◆ **EXERCISE DETAILS**
Each entry, in full: reproduce it exactly.

◆ **STORED DATA**
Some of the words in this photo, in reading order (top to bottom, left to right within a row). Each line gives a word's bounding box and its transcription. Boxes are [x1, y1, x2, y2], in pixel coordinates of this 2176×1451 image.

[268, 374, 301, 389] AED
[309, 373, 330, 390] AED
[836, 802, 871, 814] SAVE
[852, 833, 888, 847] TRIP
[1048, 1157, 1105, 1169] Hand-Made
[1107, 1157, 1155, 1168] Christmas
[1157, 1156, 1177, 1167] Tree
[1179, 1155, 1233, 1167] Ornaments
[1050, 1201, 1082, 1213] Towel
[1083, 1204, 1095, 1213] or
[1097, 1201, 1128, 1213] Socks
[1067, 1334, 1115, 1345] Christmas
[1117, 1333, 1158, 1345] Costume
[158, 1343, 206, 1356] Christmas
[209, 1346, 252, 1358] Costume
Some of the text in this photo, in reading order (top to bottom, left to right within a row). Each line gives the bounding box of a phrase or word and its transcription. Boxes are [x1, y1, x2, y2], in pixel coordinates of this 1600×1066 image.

◆ **RESPONSE BELOW**
Some of the words in this photo, in reading order (top to bottom, left to right within a row). Each line gives a word's bounding box and its transcription. Boxes are [x1, y1, x2, y2], in pixel coordinates of this 2176×1451 image.

[268, 374, 301, 389] AED
[309, 373, 330, 390] AED
[836, 802, 871, 814] SAVE
[852, 833, 888, 847] TRIP
[1048, 1157, 1105, 1169] Hand-Made
[1107, 1157, 1155, 1168] Christmas
[1157, 1156, 1177, 1167] Tree
[1179, 1155, 1233, 1167] Ornaments
[1050, 1201, 1082, 1213] Towel
[1083, 1204, 1095, 1213] or
[1097, 1201, 1128, 1213] Socks
[1067, 1334, 1115, 1345] Christmas
[1117, 1333, 1158, 1345] Costume
[158, 1343, 206, 1356] Christmas
[209, 1346, 252, 1358] Costume
Some of the text in this photo, in reading order (top to bottom, left to right within a row). Each line gives the bounding box of a phrase or word and its transcription. Boxes are [x1, y1, x2, y2], in pixel coordinates of this 1600×1066 image.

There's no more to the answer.